Pour qui a vécu à l'étranger, en particulier en Asie, il est clair que les piliers du développement et de l'équilibre des sociétés ne s'appuient pas sur ce modèle. A l'exception de l'Inde, sortie fracturée de l'indépendance, la plupart des pays de l'ASEAN, mosaïques d'ethnies aux limites territoriales souvent tracées par les colonisateurs, sont administrés par des pouvoirs forts voire autocratiques . Leur développement doit beaucoup à une gestion politique ferme et continue. Il en est ainsi de la Malaisie, la Thaïlande dont le roi contribue à la stabilité malgré les soubresauts de coups d'état militaires quasi institutionnels, Brunei, L'Indonésie mais surtout les "grands" de l'économie, la Chine, Taïwan et Singapour.
Il est intéressant de s'arrêter un instant sur le plus petit et le plus vaste . Singapour singularité multiculturelle , pays sans aucune ressource naturelle (pas même l'eau importée, en partie du voisin malaisien) doit son essor économique à la seule valeur ajouté des entreprises et du travail. L'autorité quasi héréditaire et ferme de l'Etat, garantit l'unité nationale en même temps qu'elle donne une très grande confiance aux investisseurs. Les progrès sociaux suivent naturellement la croissance de la richesse commune. La Chine est un paradoxe d'une autre nature. Ce pays est le promoteur d'un hyper-mondialisme et champion nouvellement converti du capitalisme. Il est cependant géré par un parti communiste monopolistique qui tire tout son profit du nouvel ordre économique, apparemment sans conflit dogmatique…
A l'autre bout de l'ASEAN, aux Philippines, une démocratie à l'américaine a pris la place du dictateur Marcos sous les vivats de la communauté occidentale. Après son éviction, la veuve d'un opposant assassiné , Corazon Aquino a été élue présidente, puis un acteur de série B , Joseph Estrada , actuellement en prison pour corruption. Une autre femme Gloria Arroyo, a repris le flambeau. Ce pays au ressources nombreuses connaît un PIB/Hab de 1000 US$ . Celui de Singapour est de 30 000 US$ , supérieur à celui de la France!
La dynamique économique de la plupart des pays du sud-est asiatique est due à la dispora chinoise, particulièrement acharnée au travail, à l'innovation et.. au goût de l'argent!

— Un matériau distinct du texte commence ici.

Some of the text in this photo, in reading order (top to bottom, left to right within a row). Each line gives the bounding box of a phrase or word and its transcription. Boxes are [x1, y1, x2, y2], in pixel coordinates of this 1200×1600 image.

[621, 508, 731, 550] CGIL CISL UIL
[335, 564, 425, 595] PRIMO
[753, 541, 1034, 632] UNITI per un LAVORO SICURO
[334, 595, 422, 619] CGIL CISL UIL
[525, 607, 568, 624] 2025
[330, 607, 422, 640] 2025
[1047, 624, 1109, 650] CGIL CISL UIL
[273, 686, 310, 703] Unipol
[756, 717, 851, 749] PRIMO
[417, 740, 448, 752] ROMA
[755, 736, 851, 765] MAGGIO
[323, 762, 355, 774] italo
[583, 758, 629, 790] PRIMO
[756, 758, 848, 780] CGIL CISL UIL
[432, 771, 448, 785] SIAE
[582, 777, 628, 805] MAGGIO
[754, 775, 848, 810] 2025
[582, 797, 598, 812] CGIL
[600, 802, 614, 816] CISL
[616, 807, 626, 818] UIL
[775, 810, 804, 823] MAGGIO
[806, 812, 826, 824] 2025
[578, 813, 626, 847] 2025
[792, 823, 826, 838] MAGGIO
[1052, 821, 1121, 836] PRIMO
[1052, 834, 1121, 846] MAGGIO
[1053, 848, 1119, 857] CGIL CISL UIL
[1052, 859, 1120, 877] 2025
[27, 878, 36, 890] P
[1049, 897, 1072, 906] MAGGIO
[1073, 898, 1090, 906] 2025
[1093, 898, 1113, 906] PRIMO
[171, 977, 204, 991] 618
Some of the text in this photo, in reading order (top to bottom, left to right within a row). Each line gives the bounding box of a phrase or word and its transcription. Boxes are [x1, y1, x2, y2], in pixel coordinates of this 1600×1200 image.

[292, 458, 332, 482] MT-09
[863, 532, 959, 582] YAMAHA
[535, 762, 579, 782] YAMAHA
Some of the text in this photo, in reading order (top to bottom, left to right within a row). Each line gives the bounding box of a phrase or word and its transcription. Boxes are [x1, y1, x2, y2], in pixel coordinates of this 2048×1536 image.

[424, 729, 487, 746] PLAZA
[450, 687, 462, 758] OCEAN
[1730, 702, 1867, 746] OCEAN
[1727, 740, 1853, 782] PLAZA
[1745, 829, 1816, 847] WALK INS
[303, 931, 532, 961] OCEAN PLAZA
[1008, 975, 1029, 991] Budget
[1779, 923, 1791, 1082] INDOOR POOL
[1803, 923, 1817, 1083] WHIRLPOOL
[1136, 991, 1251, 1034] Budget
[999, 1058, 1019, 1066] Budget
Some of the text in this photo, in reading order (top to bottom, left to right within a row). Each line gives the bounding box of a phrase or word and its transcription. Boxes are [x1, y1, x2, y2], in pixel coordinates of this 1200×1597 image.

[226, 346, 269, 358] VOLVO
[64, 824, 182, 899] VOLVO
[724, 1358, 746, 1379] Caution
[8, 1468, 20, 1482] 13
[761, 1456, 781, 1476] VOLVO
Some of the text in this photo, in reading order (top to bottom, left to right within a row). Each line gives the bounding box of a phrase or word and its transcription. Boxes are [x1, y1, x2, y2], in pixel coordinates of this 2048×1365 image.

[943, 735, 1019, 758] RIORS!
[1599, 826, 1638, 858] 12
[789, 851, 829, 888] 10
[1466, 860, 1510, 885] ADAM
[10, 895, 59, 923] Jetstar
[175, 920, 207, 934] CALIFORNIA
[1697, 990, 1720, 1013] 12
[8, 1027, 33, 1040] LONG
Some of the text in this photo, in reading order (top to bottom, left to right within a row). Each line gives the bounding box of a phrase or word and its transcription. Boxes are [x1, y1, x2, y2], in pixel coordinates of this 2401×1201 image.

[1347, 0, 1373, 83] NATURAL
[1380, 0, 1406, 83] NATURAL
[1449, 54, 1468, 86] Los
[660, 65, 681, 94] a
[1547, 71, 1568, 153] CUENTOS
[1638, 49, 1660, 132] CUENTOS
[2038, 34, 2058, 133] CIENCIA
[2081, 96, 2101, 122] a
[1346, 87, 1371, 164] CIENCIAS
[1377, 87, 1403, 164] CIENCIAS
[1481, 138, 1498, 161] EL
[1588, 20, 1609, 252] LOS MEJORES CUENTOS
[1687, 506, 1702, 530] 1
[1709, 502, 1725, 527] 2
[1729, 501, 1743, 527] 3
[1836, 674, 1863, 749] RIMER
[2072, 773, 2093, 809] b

Le plus gros obstacle à l'évolution sociale vient trop souvent de la corruption qui en avale les bénéfices au profit d'une nomenklatura politique. Mais plus le pouvoir est partagé ou renouvelé, plus la corruption enfle et s'étale…
La démocratie et des droits de l'homme sont en Extrême-Orient des concepts étrangers à la tradition et à la discipline communautaires qui prévalent sur l'individualisme. C'est pour cela que je doute de la réussite d'une greffe de nos principes occidentaux pour supplanter l'autorité .
Si j'éprouve admiration et tendresse pour Aung San Suu Kyi, je crains pour la cohésion à terme d'une Birmanie retrouvée et réconciliée, sous sa bienveillante et généreuse tutelle.